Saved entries
========
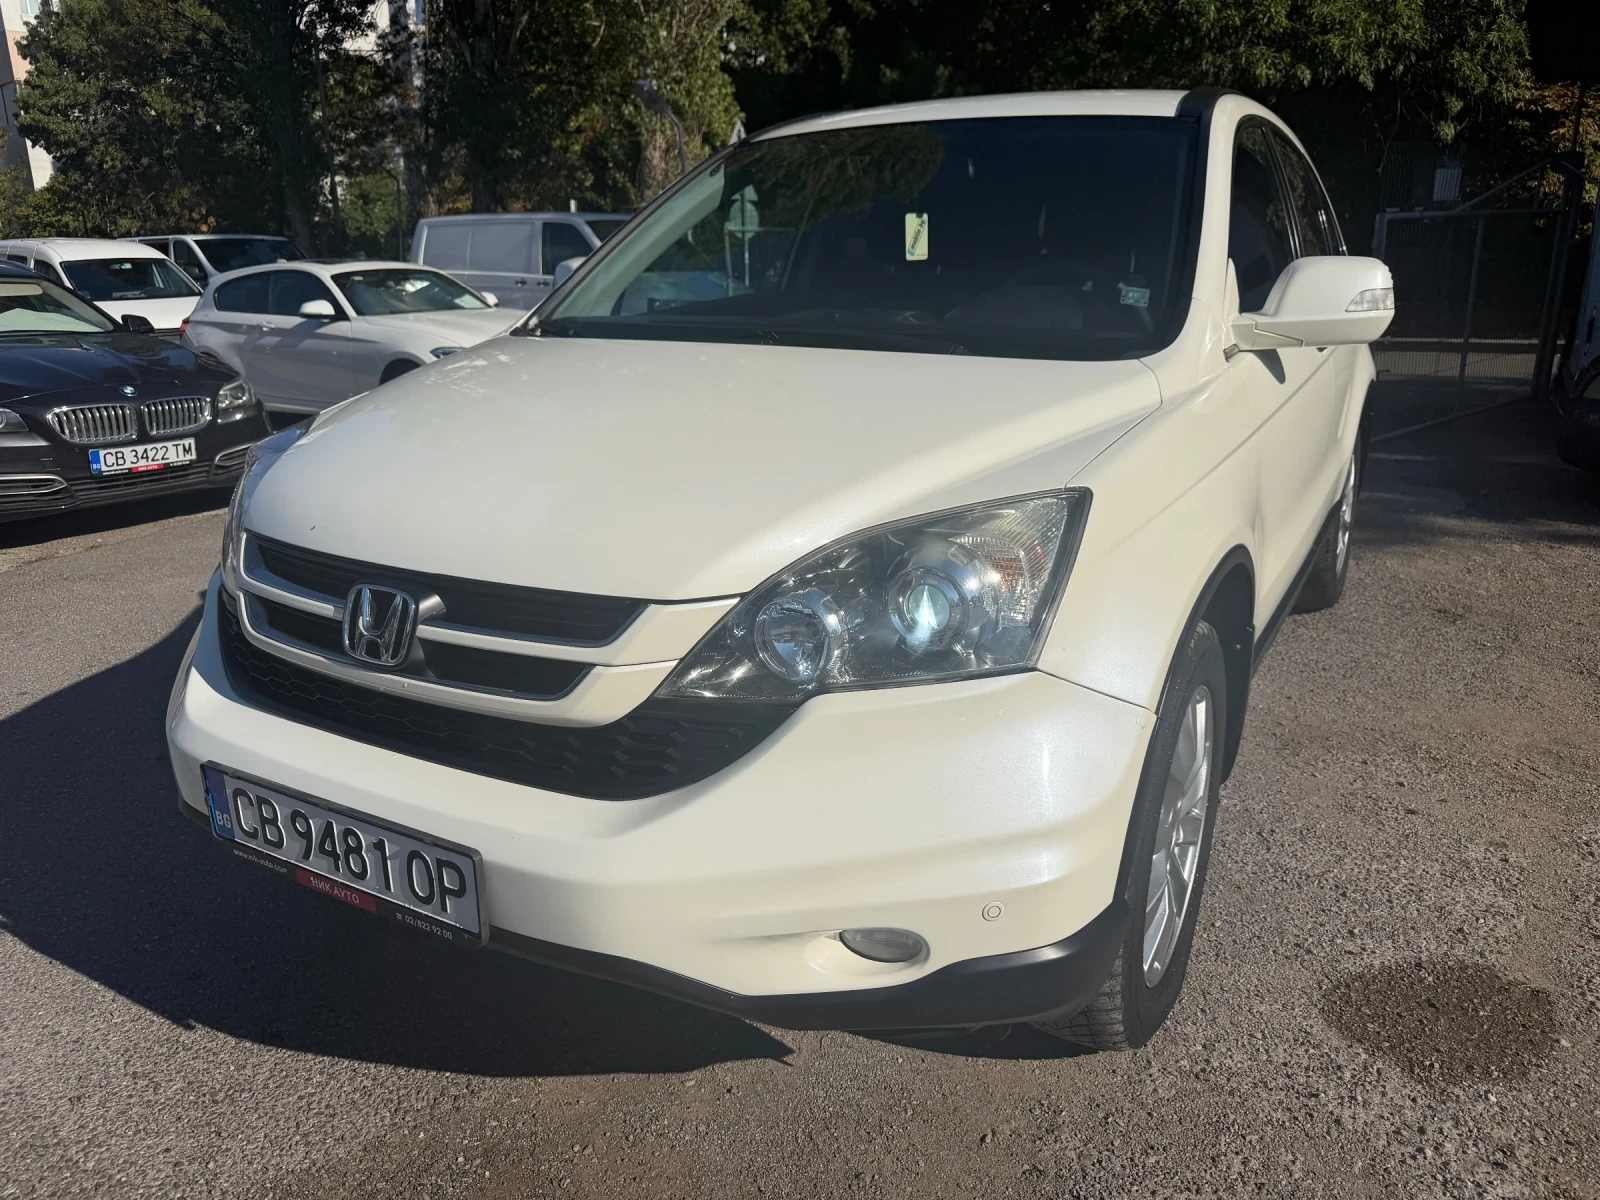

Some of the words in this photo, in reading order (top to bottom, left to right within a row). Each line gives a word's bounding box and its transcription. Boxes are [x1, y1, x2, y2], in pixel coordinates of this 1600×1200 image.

[103, 451, 126, 468] CB
[130, 445, 170, 464] 3422
[172, 441, 193, 459] TM
[215, 809, 232, 829] BG
[232, 787, 287, 850] CB
[290, 808, 394, 893] 9481
[406, 849, 466, 914] OP
[333, 886, 360, 904] АУТО
[404, 914, 431, 931] 02/822
[431, 925, 442, 936] 92
[442, 929, 453, 940] 00
========
- _EXERCISE GOAL_
Without the pictures, copy out all the records above exactly.

- _WRITTEN RESPONSE_
Some of the words in this photo, in reading order (top to bottom, left to right within a row). Each line gives a word's bounding box and its transcription. Boxes are [x1, y1, x2, y2], in pixel coordinates of this 1600×1200 image.

[103, 451, 126, 468] CB
[130, 445, 170, 464] 3422
[172, 441, 193, 459] TM
[215, 809, 232, 829] BG
[232, 787, 287, 850] CB
[290, 808, 394, 893] 9481
[406, 849, 466, 914] OP
[333, 886, 360, 904] АУТО
[404, 914, 431, 931] 02/822
[431, 925, 442, 936] 92
[442, 929, 453, 940] 00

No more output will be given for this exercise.